Le flanc du monstre, qui avait la forme d’une branchie de poisson et semblait servir à absorber de l’eau de mer, s’était ouvert en grand. Je me demandais si ce cancre de monstre remarquerait le nombre impressionnant d’esprits dans cette eau de mer ou le fait que plusieurs d’entre eux étaient rouges comme du sang.
À Arilai, on disait que le sang de la prestigieuse Maison des Milles était vivant et qu’il s’était réveillé après des générations de combats brutaux. Charybde était sur le point de goûter à ce sang.
« Doula, il a mordu à l’hameçon », avais-je rapporté.
« Nous allons maintenant passer à la deuxième phase de l’opération.

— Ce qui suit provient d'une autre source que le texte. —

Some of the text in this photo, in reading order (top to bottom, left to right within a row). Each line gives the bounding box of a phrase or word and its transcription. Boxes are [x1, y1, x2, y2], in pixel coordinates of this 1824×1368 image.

Que toutes les unités se tiennent prêtes à recevoir des ordres. Dormeur, n’oublie pas de préparer ton Astroblade, » dit Doula.

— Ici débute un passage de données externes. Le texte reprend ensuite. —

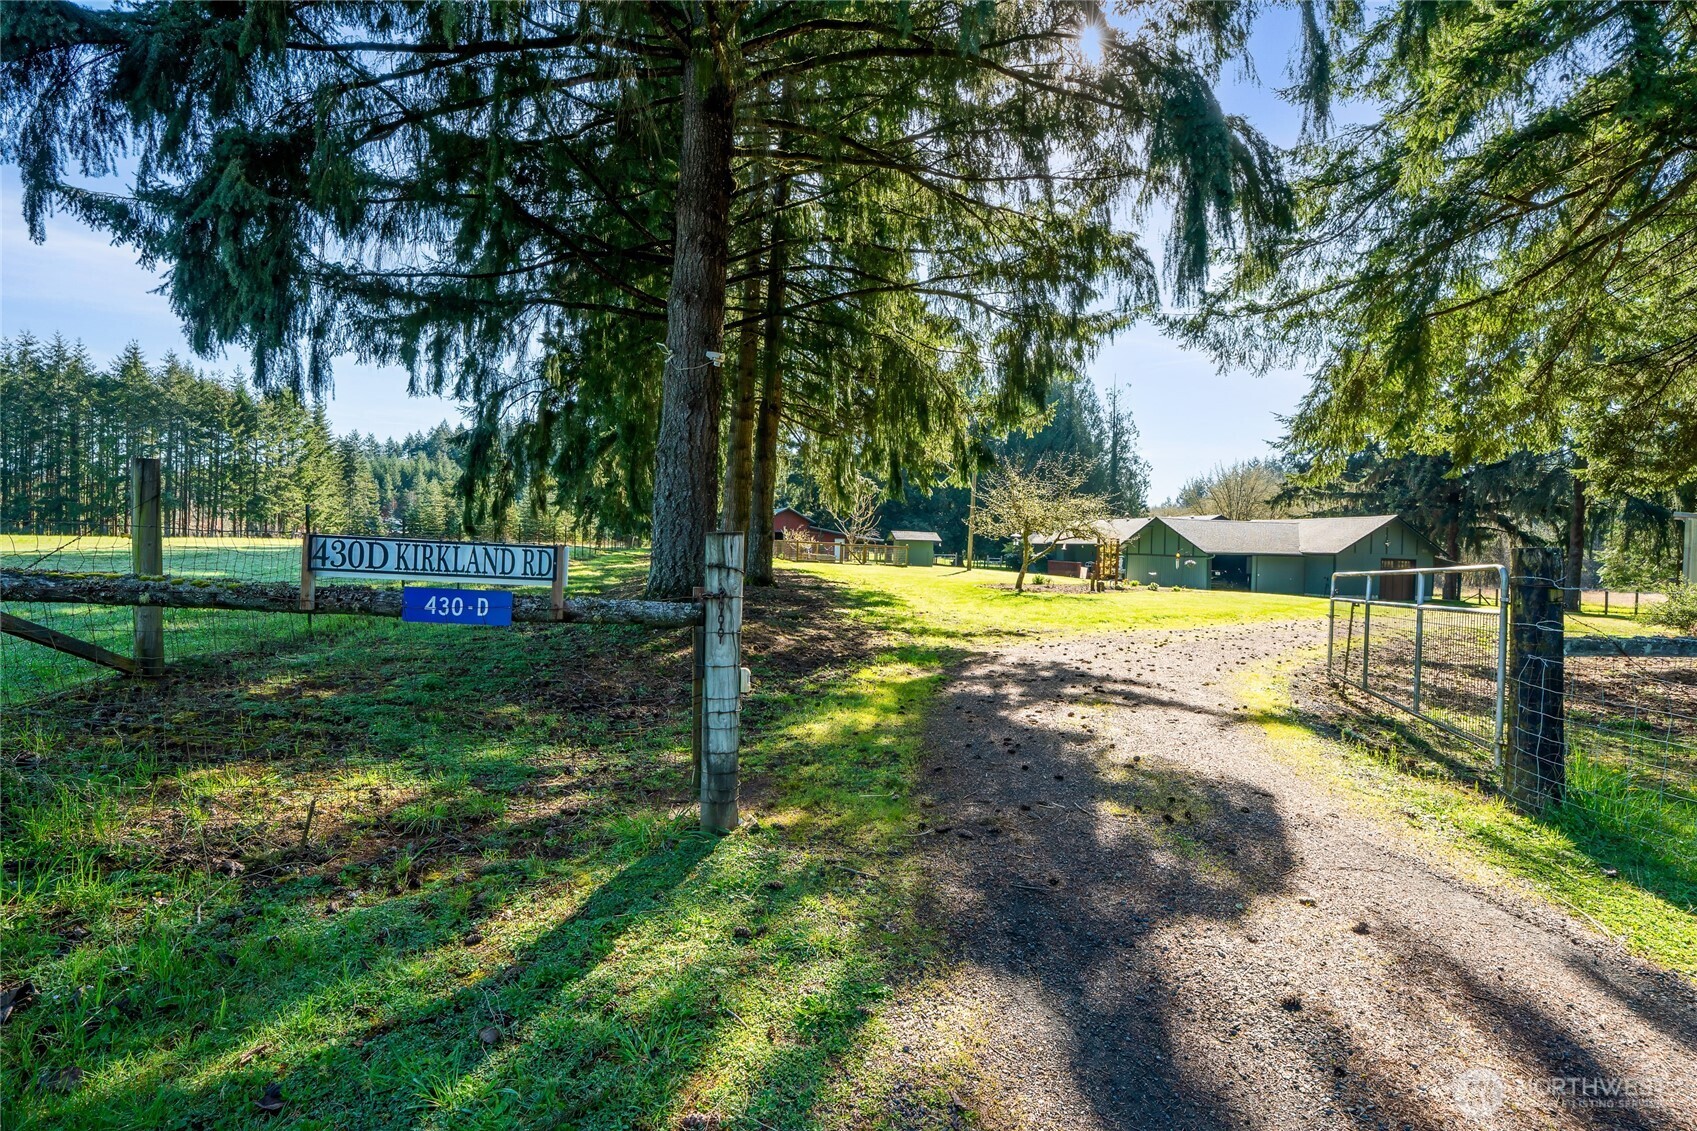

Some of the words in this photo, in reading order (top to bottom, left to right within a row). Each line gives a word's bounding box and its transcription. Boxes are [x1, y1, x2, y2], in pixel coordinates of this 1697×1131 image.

[312, 538, 389, 569] 430D
[395, 542, 515, 576] KIRKLAND
[522, 548, 552, 577] RD
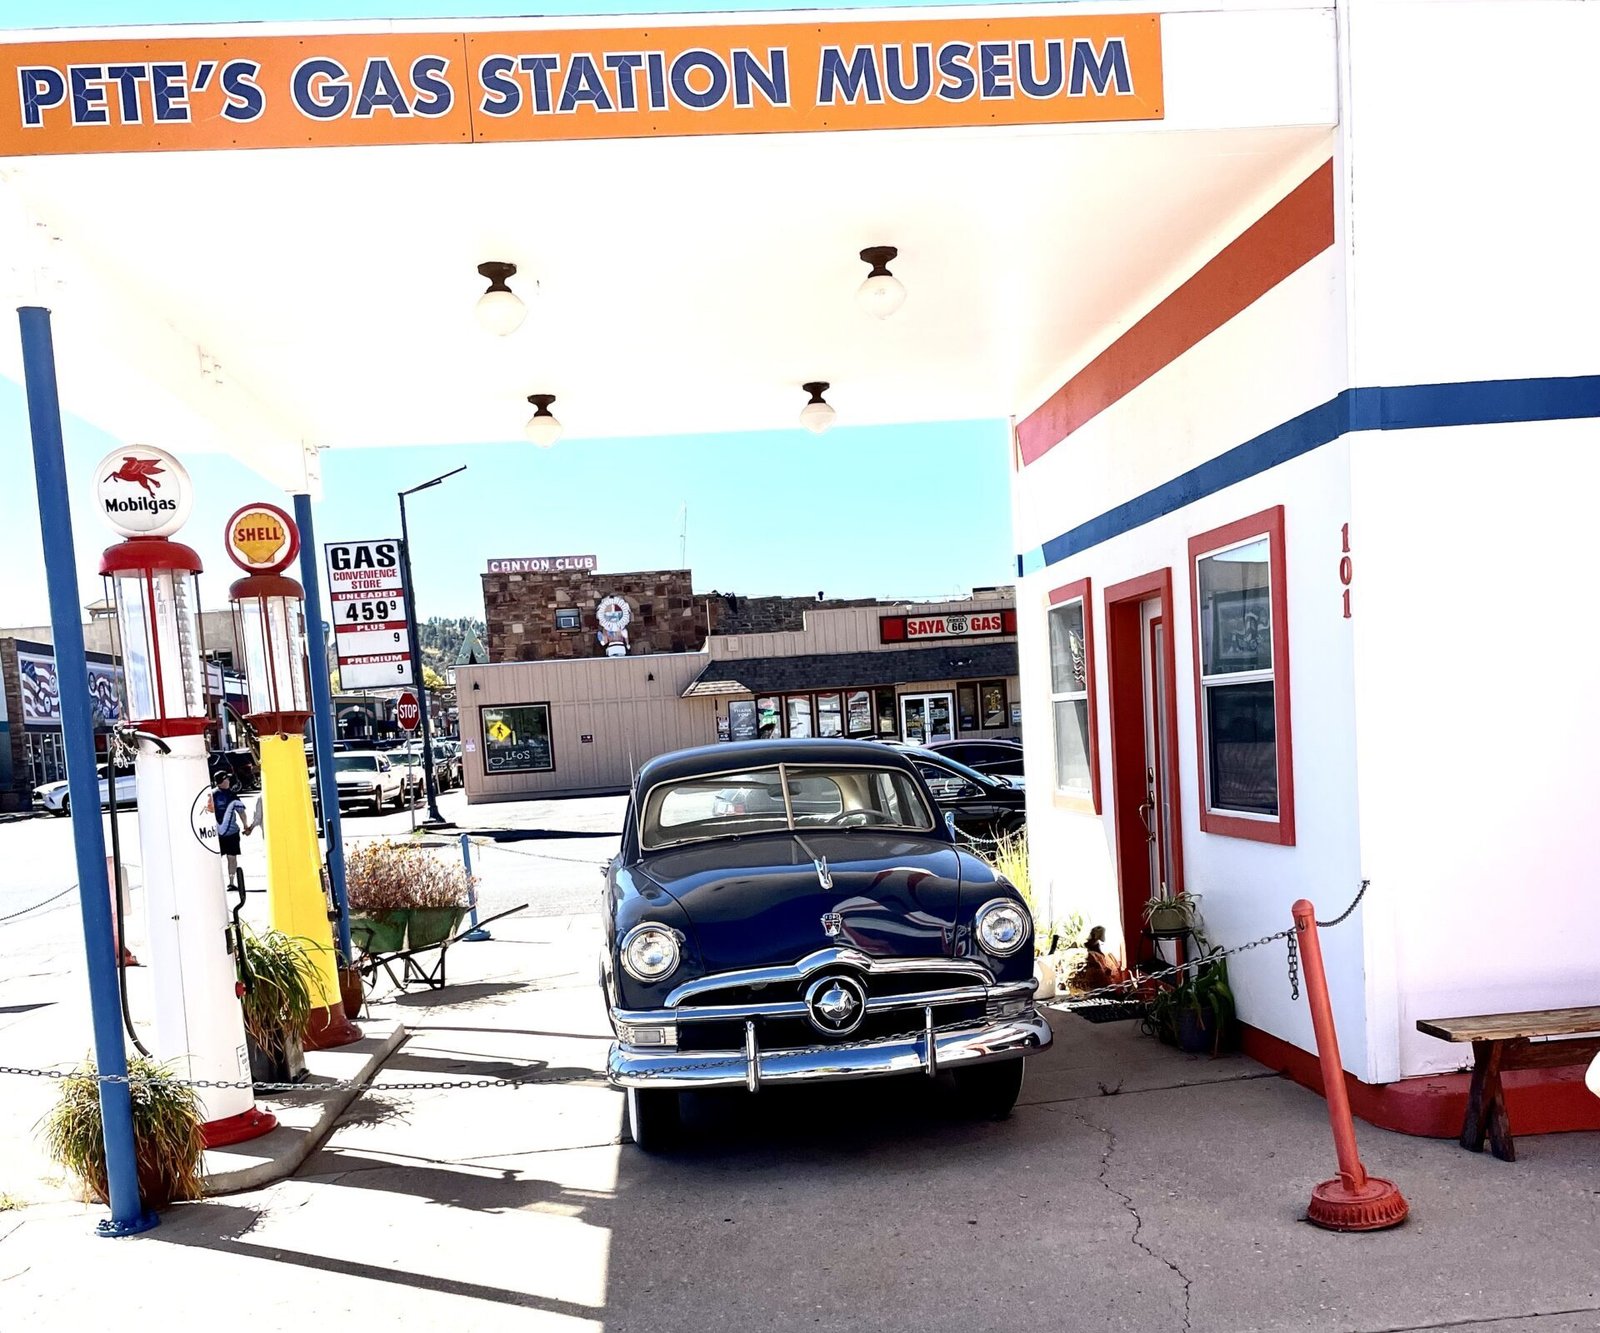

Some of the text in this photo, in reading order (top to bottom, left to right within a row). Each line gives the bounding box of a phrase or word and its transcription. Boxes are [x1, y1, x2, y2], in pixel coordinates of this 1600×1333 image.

[17, 36, 1136, 128] PETE'S GAS STATION MUSEUM
[105, 497, 176, 514] Mobilgas
[237, 526, 281, 543] SHELL
[331, 544, 396, 570] GAS
[490, 557, 594, 572] CANYON CLUB
[1339, 522, 1353, 619] 101
[333, 568, 397, 581] CONVENIENCE
[351, 579, 382, 590] STORE
[338, 591, 397, 600] UNLEADED
[356, 623, 386, 632] PLUS
[908, 619, 946, 636] SAYA
[951, 622, 964, 632] 66
[970, 616, 1001, 631] GAS
[393, 632, 400, 642] 9
[347, 654, 403, 665] PREMIUM
[396, 664, 404, 674] 9
[399, 704, 418, 719] STOP
[199, 826, 217, 839] Mob

C’est alors que je m’étais souvenu que j’avais un travail à faire autre que de voler pour faire diversion. Dans l’idéal, le combat serait terminé avant que je n’aie à intervenir, mais cela ne faisait jamais de mal d’être préparé.
J’avais donc chargé de l’énergie dans mon Astroblade tout en évitant les tentacules qui arrivaient. Puseri, l’autre unité de distraction, patrouillait toujours dans la zone sans baisser sa garde. Son comportement était intense, mais il semblerait qu’il y ait une raison à cela.
« Je ne veux absolument pas subir la même humiliation qu’Eve ! » s’écria-t-elle.
Eve grogna, mais je ne pouvais pas en vouloir à Puseri. Il serait désastreux qu’elle se fasse attraper par ces tentacules alors que nous sommes si près de la ligne d’arrivée. Cela pourrait même affecter sa dignité de maître.
Cela avait pris deux jours entiers, mais la fin de la bataille était en vue. Si vous me demandiez ce qu’il faut pour combattre un monstre géant, je vous répondrais… Eh bien, Doula était sur le point de le dire à ma place.
« Maintenant ! Déclenchez ! »
Sur l’ordre de Doula, un grondement étouffé retentit à l’intérieur de Charybde. Les innombrables esprits avaient gelé l’eau à l’intérieur du monstre, le faisant grossir d’un seul coup. La créature titanesque s’agrandissait encore.
Tout adversaire serait en difficulté si une énorme quantité d’air était pompée en lui après avoir absorbé autant d’air qu’il le pouvait. Soudain, le cri de l’esprit de Zera retentit à travers la mer.
« Voici un aperçu des arts secrets de ma lignée. Mille éclats ! »
Au moment où Zera serra le poing, une masse de lames sanglantes déchira le corps du monstre. La partie la plus effrayante de cette capacité était qu’elle utilisait le sang de l’adversaire comme catalyseur pour causer encore plus de destruction. Après avoir recherché le sang de guerriers de plus en plus puissants pendant des générations, sa maison avait accumulé ce pouvoir d’une manière qui ressemblait au processus d’une réaction chimique. C’est pourquoi on disait qu’aucun homme ne pouvait égaler leurs prouesses, y compris la façon dont ils avaient accompli des exploits sans fin sur le champ de bataille.
À ce stade, une chose était sûre : comme nous l’avions soupçonné, la capacité Indestructible ne protégeait pas l’intérieur de Charybde. Nous avions bel et bien infligé des dégâts à la créature. La masse gargantuesque avait basculé et s’était posée sur le fond marin avec une force qui avait fait trembler le sol.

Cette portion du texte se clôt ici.